*Problem*: Please transcribe the data below exactly. Leave the pictures out.

(Phrase grounding data)
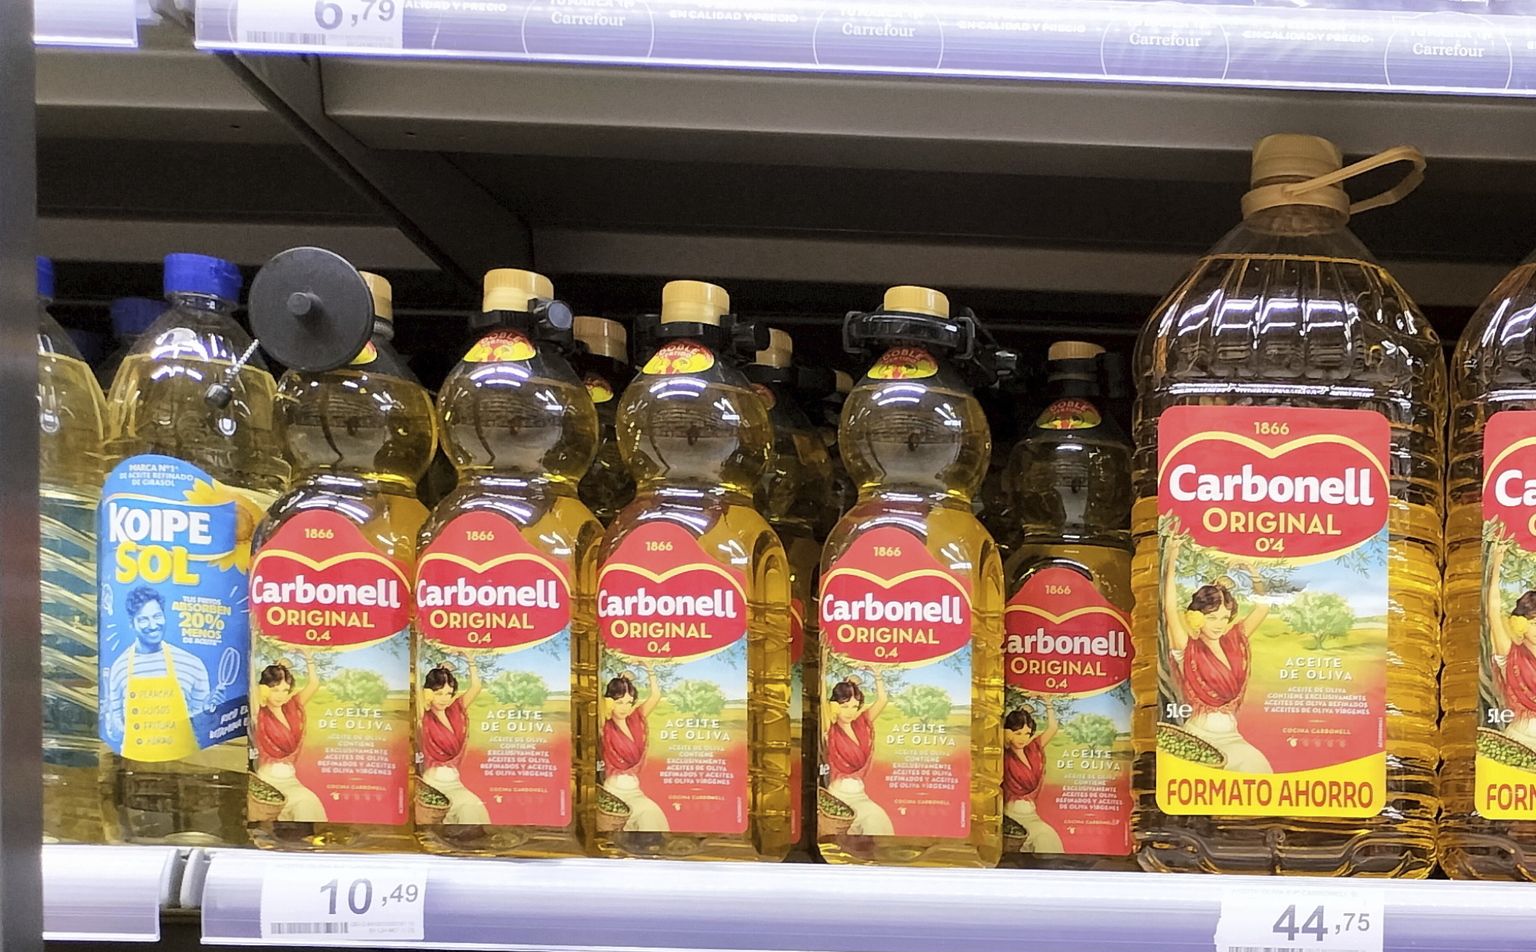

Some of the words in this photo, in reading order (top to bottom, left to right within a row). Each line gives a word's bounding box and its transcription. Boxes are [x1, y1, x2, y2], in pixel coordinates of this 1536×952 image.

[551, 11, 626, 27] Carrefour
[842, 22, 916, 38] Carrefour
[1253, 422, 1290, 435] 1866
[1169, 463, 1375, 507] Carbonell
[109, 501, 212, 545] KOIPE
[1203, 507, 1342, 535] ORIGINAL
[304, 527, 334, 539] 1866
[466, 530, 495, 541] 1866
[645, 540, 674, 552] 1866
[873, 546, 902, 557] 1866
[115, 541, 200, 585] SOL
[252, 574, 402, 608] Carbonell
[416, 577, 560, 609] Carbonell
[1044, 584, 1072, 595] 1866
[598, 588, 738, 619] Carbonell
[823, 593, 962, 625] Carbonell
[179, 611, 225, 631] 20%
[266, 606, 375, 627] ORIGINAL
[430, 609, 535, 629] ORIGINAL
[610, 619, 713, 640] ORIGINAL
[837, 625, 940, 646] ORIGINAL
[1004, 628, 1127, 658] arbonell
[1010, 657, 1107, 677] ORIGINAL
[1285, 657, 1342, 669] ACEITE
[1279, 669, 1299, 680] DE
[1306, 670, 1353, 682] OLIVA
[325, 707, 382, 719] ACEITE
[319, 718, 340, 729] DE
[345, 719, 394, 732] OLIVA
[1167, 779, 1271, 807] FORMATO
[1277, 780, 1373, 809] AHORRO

*Reply to the exercise*:
Some of the words in this photo, in reading order (top to bottom, left to right within a row). Each line gives a word's bounding box and its transcription. Boxes are [x1, y1, x2, y2], in pixel coordinates of this 1536×952 image.

[551, 11, 626, 27] Carrefour
[842, 22, 916, 38] Carrefour
[1253, 422, 1290, 435] 1866
[1169, 463, 1375, 507] Carbonell
[109, 501, 212, 545] KOIPE
[1203, 507, 1342, 535] ORIGINAL
[304, 527, 334, 539] 1866
[466, 530, 495, 541] 1866
[645, 540, 674, 552] 1866
[873, 546, 902, 557] 1866
[115, 541, 200, 585] SOL
[252, 574, 402, 608] Carbonell
[416, 577, 560, 609] Carbonell
[1044, 584, 1072, 595] 1866
[598, 588, 738, 619] Carbonell
[823, 593, 962, 625] Carbonell
[179, 611, 225, 631] 20%
[266, 606, 375, 627] ORIGINAL
[430, 609, 535, 629] ORIGINAL
[610, 619, 713, 640] ORIGINAL
[837, 625, 940, 646] ORIGINAL
[1004, 628, 1127, 658] arbonell
[1010, 657, 1107, 677] ORIGINAL
[1285, 657, 1342, 669] ACEITE
[1279, 669, 1299, 680] DE
[1306, 670, 1353, 682] OLIVA
[325, 707, 382, 719] ACEITE
[319, 718, 340, 729] DE
[345, 719, 394, 732] OLIVA
[1167, 779, 1271, 807] FORMATO
[1277, 780, 1373, 809] AHORRO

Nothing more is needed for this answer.